At first glance, Jane Mitchell doesn’t seem like someone who would care to unlock the inner mysteries of the lives of pro ballplayers. But with 26 Emmy Awards and close to 100 episodes under her belt, the host of 4SD Channel 4 San Diego’s One on One with Jane Mitchell has emerged as one of this city’s best producers of sports biographies. As such, over the past dozen years, Mitchell has interviewed a roster of home-town sports talent including Ted Williams (“Nobody expected he would sit with me for an hour; it went longer”) Ken Caminiti (“He was an old soul”) and Trevor Hoffman (“In a word? ‘Intense’”).

Quick to smile and lacking pretense, Mitchell says she did not grow up as a sports fan. But when the opportunity was presented to develop sports programming for Channel 4, she didn’t waver. She may not have known a thing about professional athletes, but she did know how to tell a story on camera.

“I was a hard-news reporter for nine years,” she says, having worked in Texas and Oklahoma before returning to her hometown of San Diego in the early 1990s. “I covered it all-tornados, weather, drug busts, city politics and plane crashes.”

It was after producing special coverage for the Republican National Convention here that Mitchell joined forces with Cox Communications. In 1997, she went to her first Spring Training, and the crack of a baseball bat sending one deep into the stratosphere changed her life.

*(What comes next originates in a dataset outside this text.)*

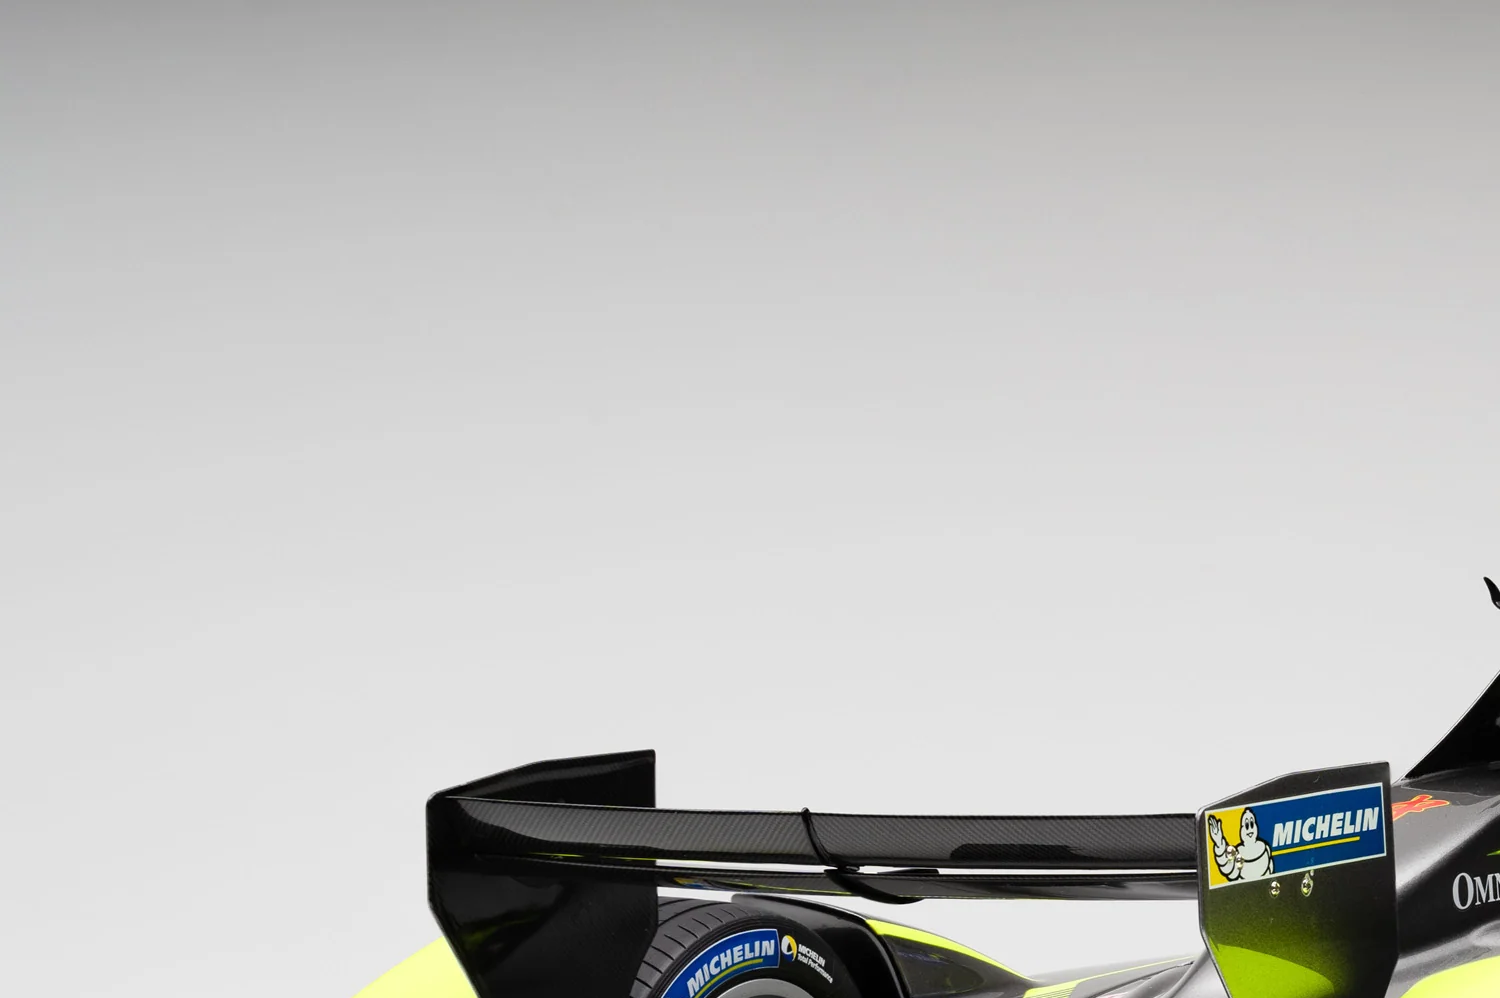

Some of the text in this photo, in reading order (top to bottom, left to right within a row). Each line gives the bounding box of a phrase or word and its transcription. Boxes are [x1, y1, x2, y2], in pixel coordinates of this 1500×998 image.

[1272, 807, 1380, 847] MICHELIN
[687, 939, 775, 998] MICHELIN
[798, 944, 826, 967] MICHELIN

“I fell in love with baseball that day,” Mitchell says. Her mission thereafter became a combination of passions: “What I loved, which is storytelling, and what I grew to love, which is baseball.” Ken Caminiti was one of Mitchell’s first interviews. He was known for being guarded on camera, but after an hour and a half, Mitchell had nailed one of the more self-revealing interviews ever given by the late Padres star. “He said that, in the beginning, he didn’t like baseball as a kid, that he was afraid of getting hit by the ball and that, when it finally happened, it didn’t hurt as much as he thought it would.”

If One on One has a goal, Mitchell says, it is to go beyond the box score. “These guys are real people,” she says. (Indeed, Geoff Blum of the Houston Astros breaks down twice during his on-screen chat with Mitchell.) “Our mission is to connect the fans with the players. We feel that the way to do that is to get to know them as people.”

“At the time, getting to know the players on a personal level was not the norm, certainly not through interviews in their homes. This was fairly new territory and I was charting the course of the content and my style, not even knowing yet where this would end up.”

Excerpt from One on One: My Journey with Hall of Famers, Fan favorites, and Rising Stars, a brand new book by Jane Mitchell.

Jane Mitchell says everybody wanted to know what it was like to hang with the legends of baseball. A book, she thought, could be a means to tell all of her behind-the-story stories. She began writing in 2007, on New years Eve.

“My father thought that baseball was the most boring game ever.” The irony is not lost on her-he died from Lou Gehrig’s Disease, or ALS. His illness is what brought Mitchell back to San Diego, in 1992, in a random turn of events that led her to redirect her career from hard news reporter to television sports biographer and, now, author.